И пудель опустился у камина.
И лапою прикрыл шершавый нос.
Его зрачки чуть тронуты кармином.
Ошейник тесный из увядших роз,
а на хвосте сливово-синий бантик,
чуть-чуть темнее, чем на Врубеле берет.
И где-то капал гадкий тайный крантик,
как метроном, ответственный за бред.
Сказки зари
Под музыку Джона Зорна
сквозь стену, как сквозь ладони золотой песок,
прошла заря, в дороге сорок сказок
придумав про себя.
Одна из сказок стала ветром.
Другая стала талой каплей с крыши.
Другая - сталь.
Ещё одна - удар по рельсу
в тугой вечерней фиолетовой тиши.
Закрыв глаза, я проведу рукой по отражению в
стекле.
Себя в толпе найти не смог.
Я стал восьмой весенней сказкой -
зелённым молодым листом, оборванным тобой,
когда ты шла беспечно мимо,
когда ты проходила мимо,
беспечно и бесцельно, как роса.
Неузнаваемая
Мне по душе коготочками
голубь, как тату на глине,
вычертит кровными точками
твоё нездешнее имя.
И во имя всех летних гроз,
глаз твоих чёрных тюльпанов,
я, словно гриб на навозе взрос
меж млечных путей и каналов.
То улыбалась мне с неба Луной,
запахом западных ветров.
То обходила меня стороной
в радиусе километра.
То являлась в одеждах, прозрачней мечты,
заплетая в узоры слова.
Всё бледнело вокруг от твоей красоты |
и сходили с ума зеркала.
Грезилась блеском в каждом зрачке
уличных потаскушек.
Но пусто в рваном моём сачке,
и ветер рябью по луже…
А я всё равно носом по ветру.
Пусть вороны клювы дрочат.
Запах твой носится по миру.
Из волос твоих сотканы ночи.
Но ветра по-осеннему грустные
на горбу волокли облака
и у ив теребили без устали
пряди жёлтого парика.
Облака дурака облапошили,
обвели вокруг пальца, лишь сальцо Луны
над полями, где сны мои скошены,
осень плавит под крики совы.
Ворожил…
Рвала ночь зубами лунное вымя.
Ветер звёздами писал на небе своё имя.
И вдогон за ними молния-стрела
через горизонт-границу вести пронесла.
Весело всем диким – в волосах весна.
Взвесила безликих, пьяных ото сна.
В хоровод вводила пламенем костра
и за нос водила до самого утра.
По утру все страхи птахами в окно,
тучами по небу – солнце не видно.
Видно закоптили мы в храме витражи,
раз я ночью тёмной снова ворожил.
Когда бы ни спал…
Когда бы ни спал, я бы знал, почему темно в
зеркале,
когда Шугозеро прячет звезду в рукаве.
Когда проснулся, взглянул, а небо фанерками
заколотили в той стороне.
А жизнь идёт день за днём, сыплет мелочью.

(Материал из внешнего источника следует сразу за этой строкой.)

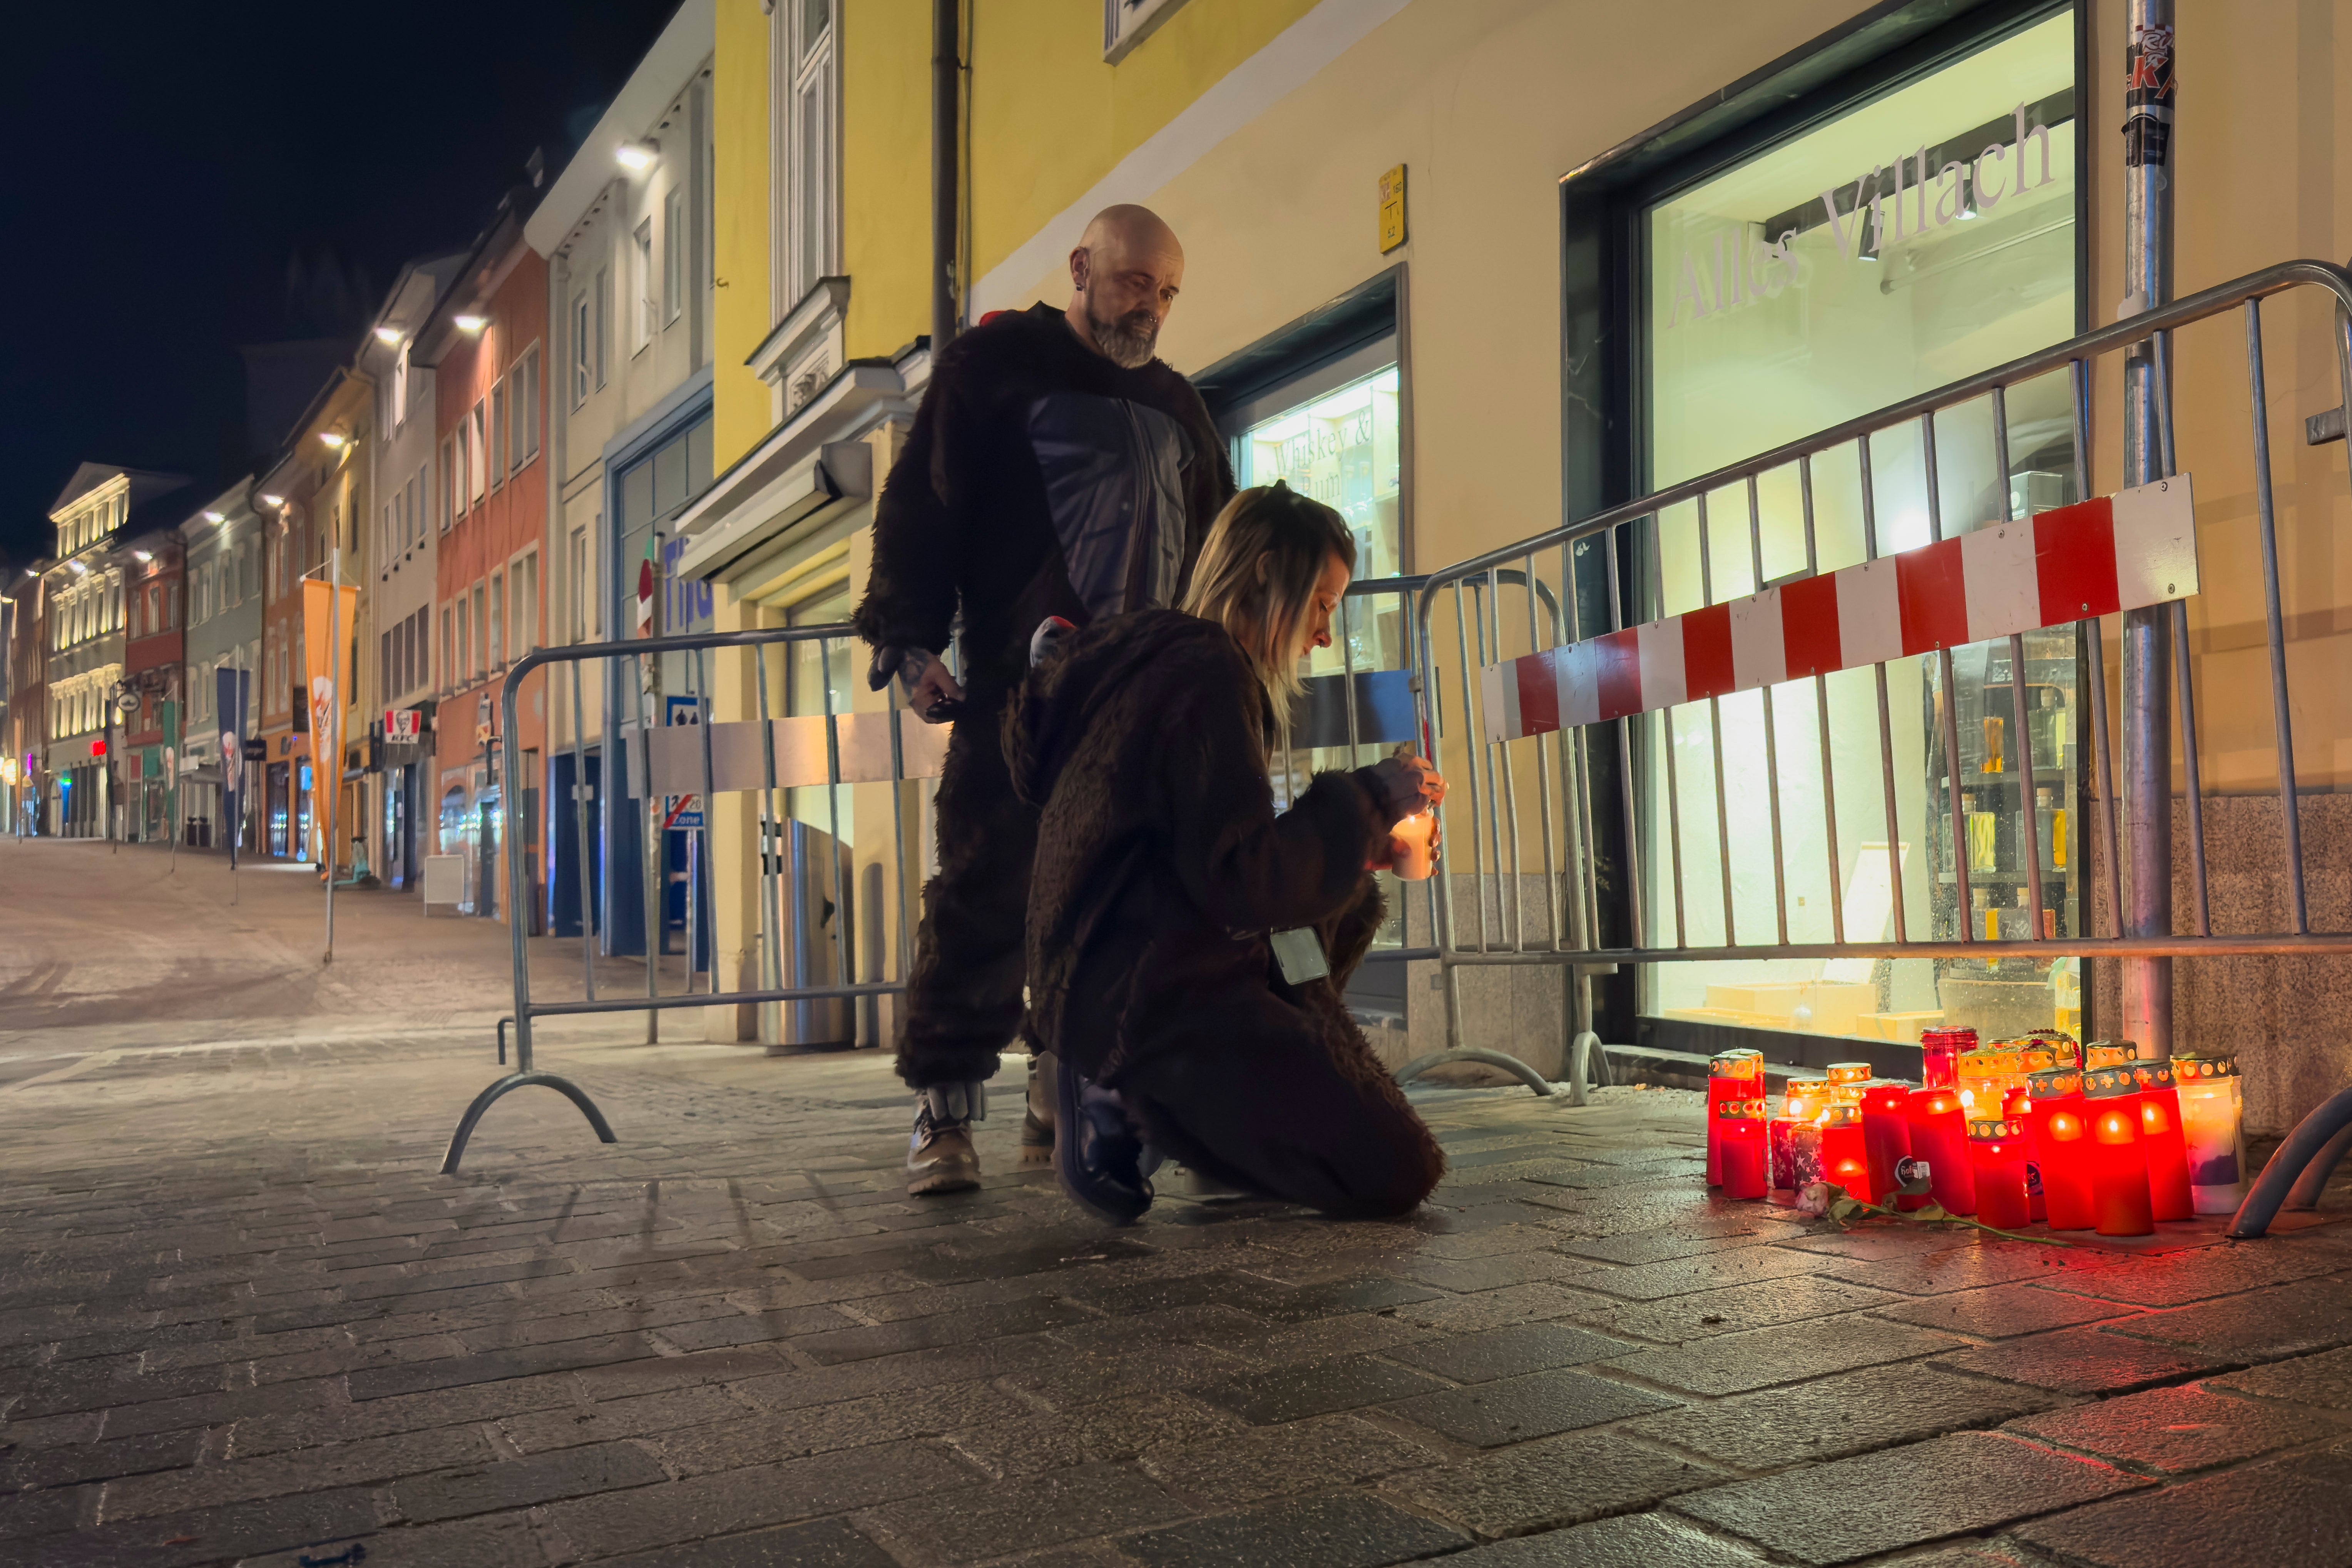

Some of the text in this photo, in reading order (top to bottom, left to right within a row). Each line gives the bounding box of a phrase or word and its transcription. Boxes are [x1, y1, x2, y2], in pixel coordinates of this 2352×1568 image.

Посмотреть свысока – все дороги петлёй.
Гвоздодёр в руки взять да сотворить в небе
щелочку,
что бы сквозь щель пошептаться с тобой.
Каждый раз, просыпаясь, ступаю не с той ноги.
Говорили, тот свят, кто не прёт против волн.
Я смотрю, как пошли по свинцовой воде круги,
когда ветер опять себе вены вспорол.
А язык доведёт до звезды иль до Кащенко.
Был один паренёк, бубенцами гремел.
Он и Солнце бы мог положить себе за щеку…
Может, просто устал. Может, просто сумел.
Этот город подполье с сырыми застенками.
Посчитать облака бы, лёжа в траве.
Когда бы ни спал, я бы знал, почему темно в
зеркале,
когда Шугозеро прячет звезду в рукаве.